Literally thin-skinned, I suppose, my face
catches the wind off the snow-line and flushes
with a flush that will never wholly settle. Well:
that was a metropolitan vanity,
wanting to look young for ever, to pass.

I was never a Pre-Raphaelite beauty,
nor anything but pretty enough to satisfy
men who need to be seen with passable women.
But now that I am in love with a place
which doesn’t care how I look, or if I’m happy,

happy is how I look, and that’s all.
My hair will turn grey in any case,
my nails chip and lake, my waist thicken,
and the years work all their usual changes.
If my face is to be weather-beaten as well

that’s little enough lost, a fair bargain
for a year among lakes and fells, when simply
to look out of my window at the high pass
makes me indifferent to mirrors and to what
my soul may wear over its new complexion.

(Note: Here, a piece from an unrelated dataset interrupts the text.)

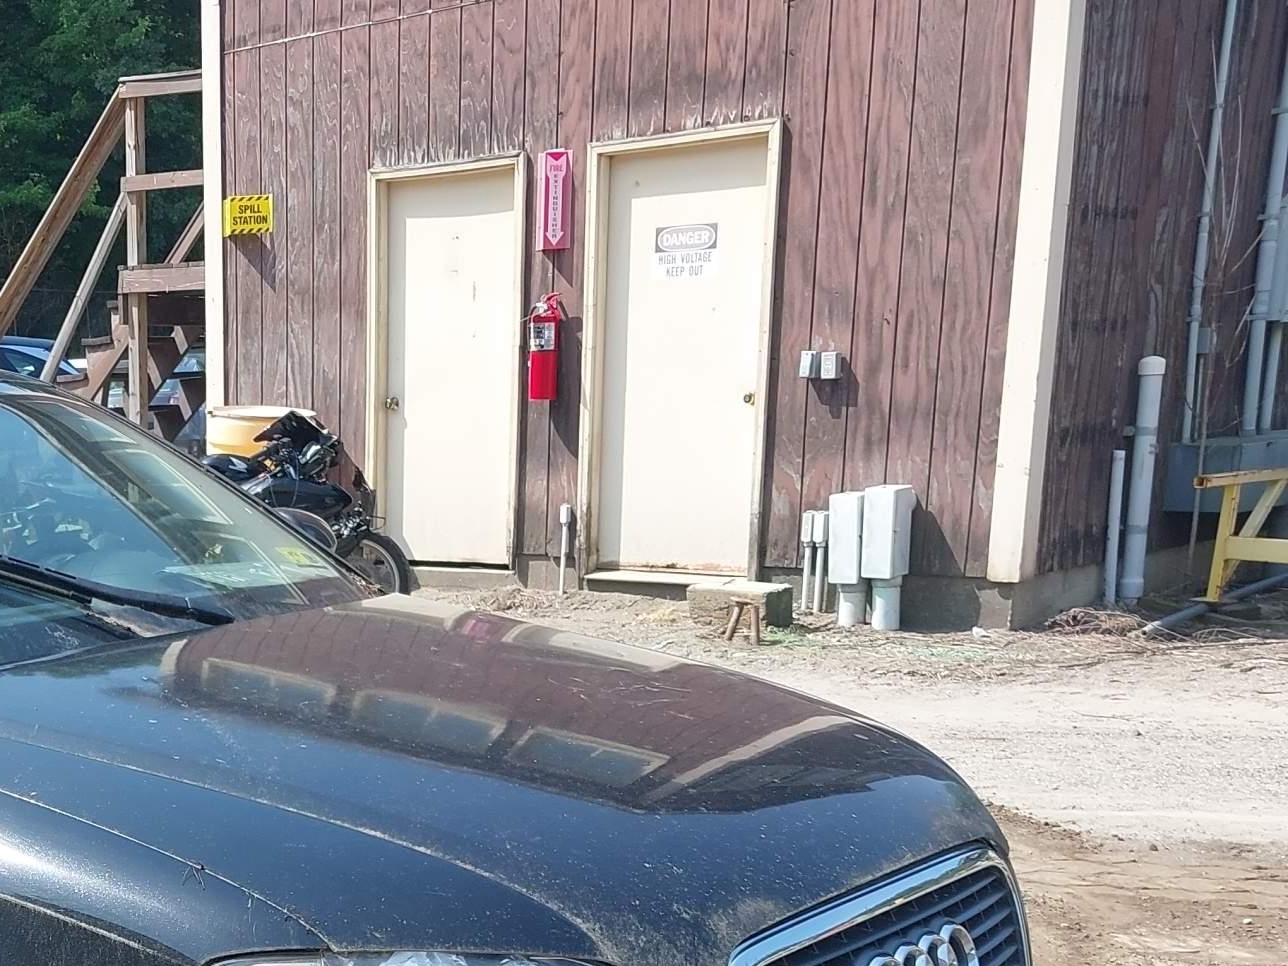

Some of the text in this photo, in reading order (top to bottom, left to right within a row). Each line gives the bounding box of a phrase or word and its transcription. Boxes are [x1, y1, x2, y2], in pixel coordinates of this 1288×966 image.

The contemporary New Zealand poet Fleur Adcock is renowned for her poems dwelling on themes of place, human relationships and everyday activities, but frequently with a dark twist given to the mundane events she writes about. Disarmingly conversational in style, they are remarkable for their psychological insight and their unsentimental, mischievously casual view of personal relationships.
The poem starts with the sudden onset of a blush on an otherwise aging face when a snowy cold wind caresses her face and the resultant momentary gush of youthfulness. The poet is aware that it is not going to sustain and her wish to preserve physical beauty is a futile exercise. The progressive, but inevitable, decline of her corporeal charm is an irreversible reality. The poet is so enamoured by the beauty of the places she visits that she is least concerned about her eroding physical beauty. She concludes that the enthralling view of nature from her window makes her indifferent to mirror as it is this enduring beauty outside that adds a new complexion to her soul.
Fleur Adcock teaches us something about true beauty and grace in this poem. Our vanity often conspires against our authenticity and blocks the Inner light in us. For the poet, it is the beauty of the place that awakens the Inner light and offers a remedy for her regressive charm. She thereby portrays an astonishing picture of a life that is possible, a life of wholeness, in which we can truly be what we are. The grace that Adcock unlocks is overwhelmingly appealing to the cosmetically driven man or woman exuding metropolitan vanity. Beauty around us has the power to flood our being and uplift us to the transcendent realm.
Like the poet, we can become “indifferent to mirrors”, to what our souls wear to the outside. Maybe we should forget what we cannot control and find that grace to live a life that is nourishing and fulfilling.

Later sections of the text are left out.